Victoire Ingabire is led to the Rwandan High Court as the fourth week of her trial begins in Kigali, Rwanda on September 12, 2011/AFP

Victoire Ingabire is led to the Rwandan High Court as the fourth week of her trial begins in Kigali, Rwanda on September 12, 2011/AFP

KIGALI, Dec 13 – Rwanda’s Supreme Court on Friday sentenced opposition figure Victoire Ingabire to 15 years in jail on appeal, increasing her prison term from eight years for conspiring against the authorities.

The court upheld previous convictions for “conspiracy in harming authorities through terrorism and war” and for minimising Rwanda’s 1994 genocide, in which at least 800,000 people were killed by troops and extremists of the Hutu majority.
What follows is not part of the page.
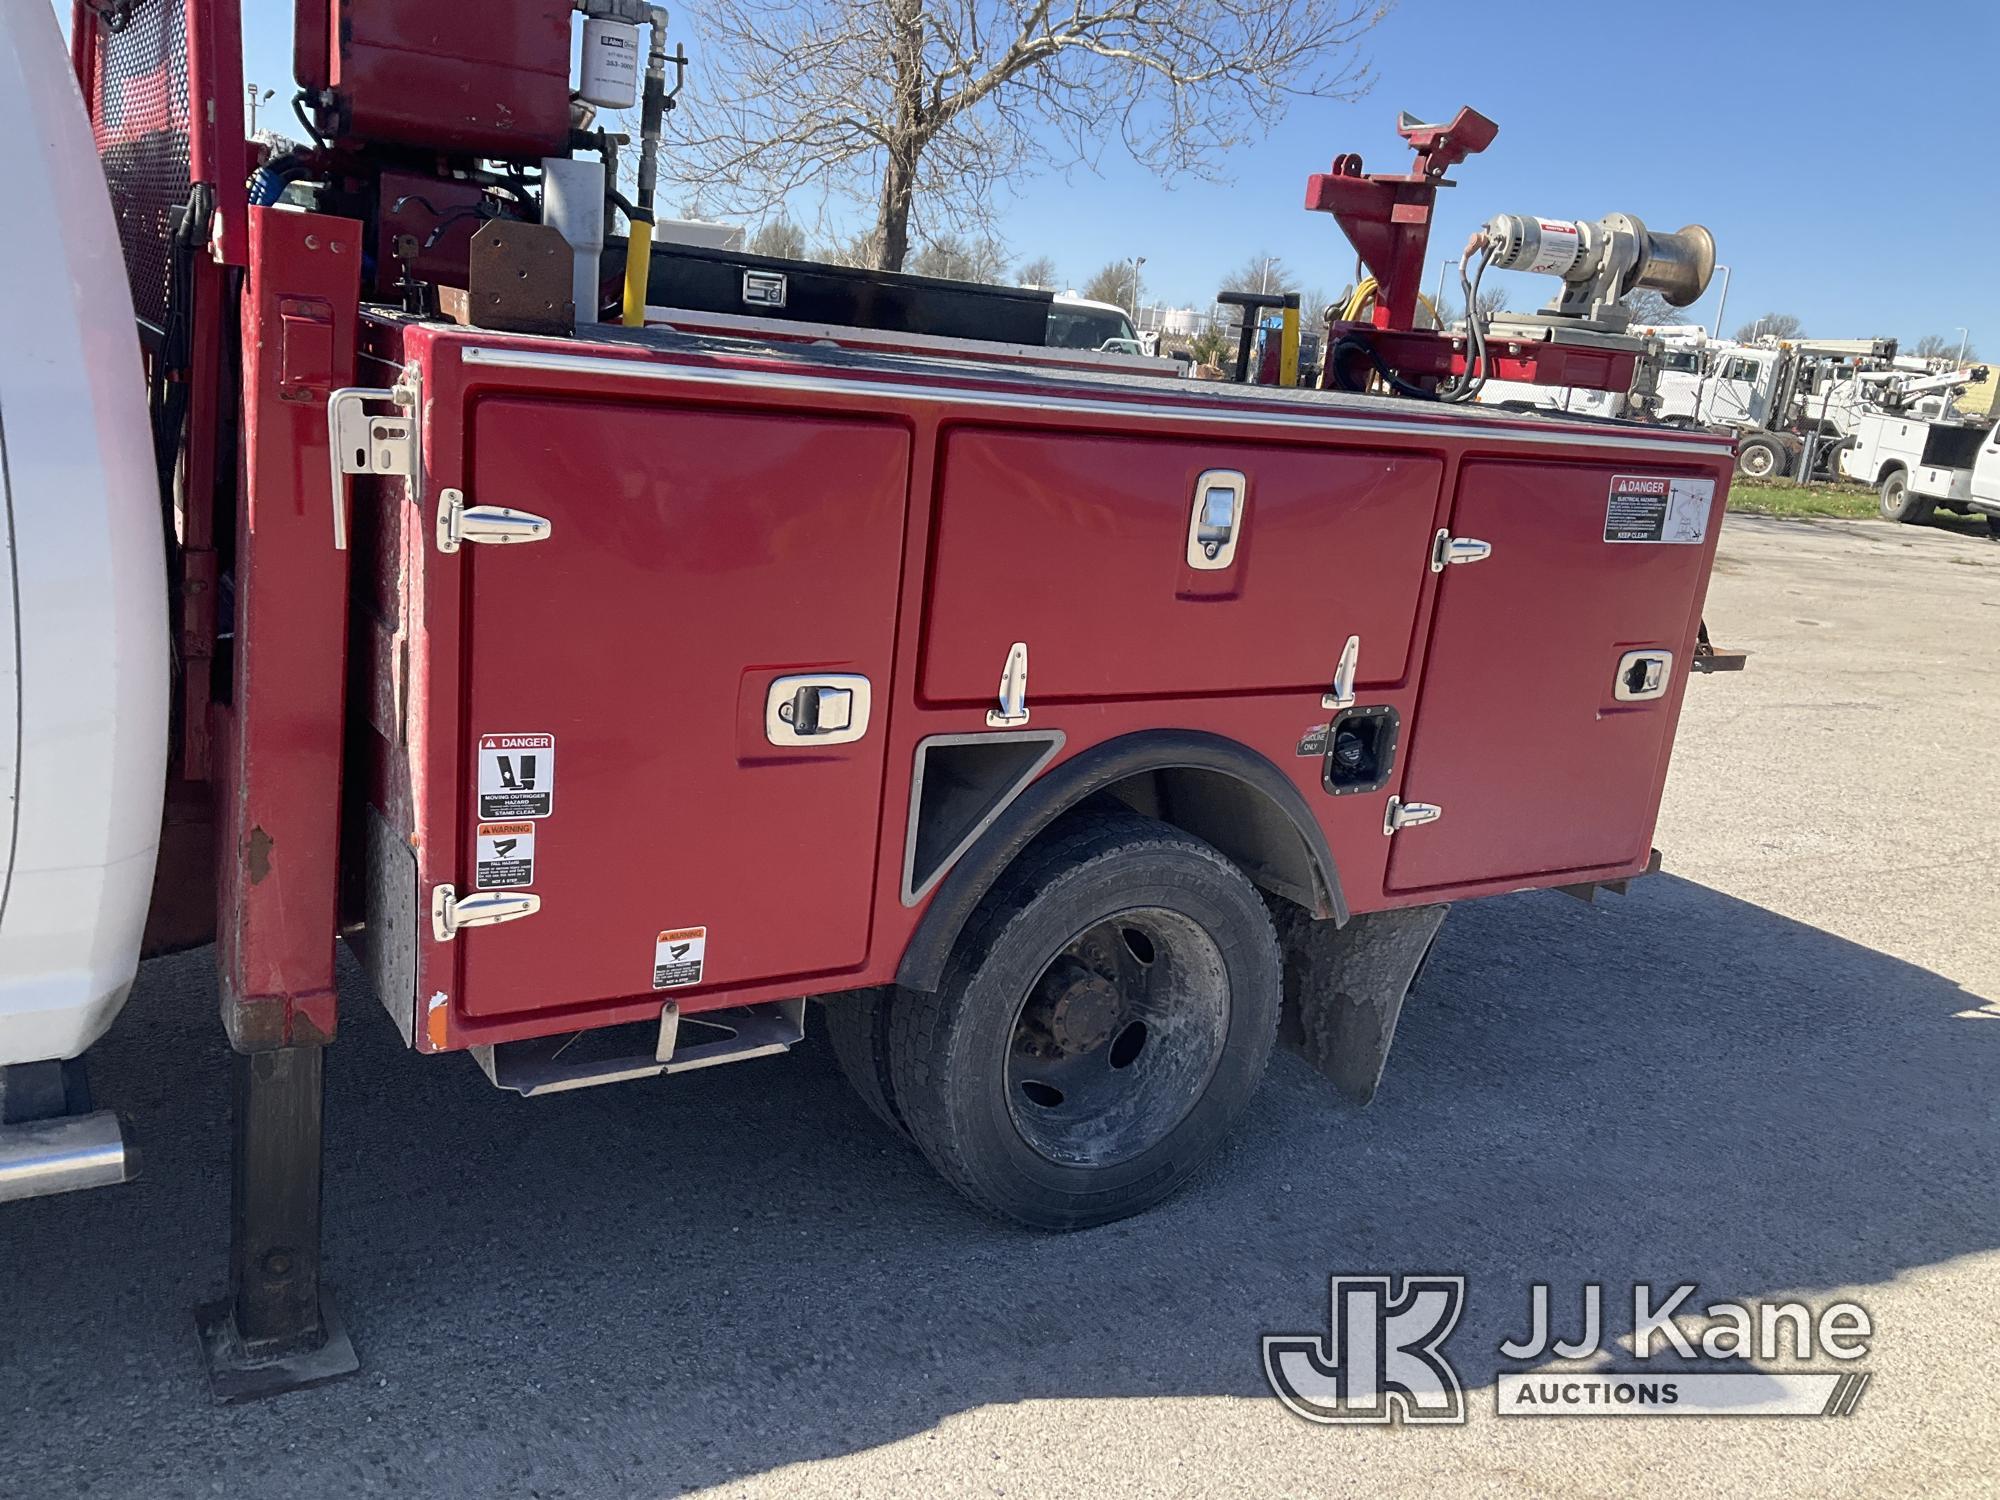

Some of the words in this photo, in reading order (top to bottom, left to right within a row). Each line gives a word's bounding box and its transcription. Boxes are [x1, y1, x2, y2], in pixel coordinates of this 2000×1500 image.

Ingabire, a Hutu and a leading critic of President Paul Kagame, who took power after a Tutsi rebellion ended the genocide, was also found guilty of spreading rumours to incite violence.

First arrested in October 2010, months after returning from 16 years in exile in the Netherlands, Ingabire, 45, has been a rare voice speaking out and challenging Kagame’s iron-fisted rule.

Ingabire, who heads the unrecognised opposition United Democratic Forces (UDF) party, was convicted in October last year of terrorism and denying genocide, but charges of spreading genocide ideology and of “setting up an armed group” were dropped.

Appealing to the Supreme Court in March, prosecutors asked for Ingabire’s punishment to be increased to the maximum of 25 years and called for judges to reconsider the dropped charges.

The prosecution also accused her of collaborating with armed Hutus in the Democratic Forces for the Liberation of Rwanda (FDLR), who fled across the border to eastern Democratic Republic of Congo after mainly Tutsi rebels led by Kagame ended the genocide.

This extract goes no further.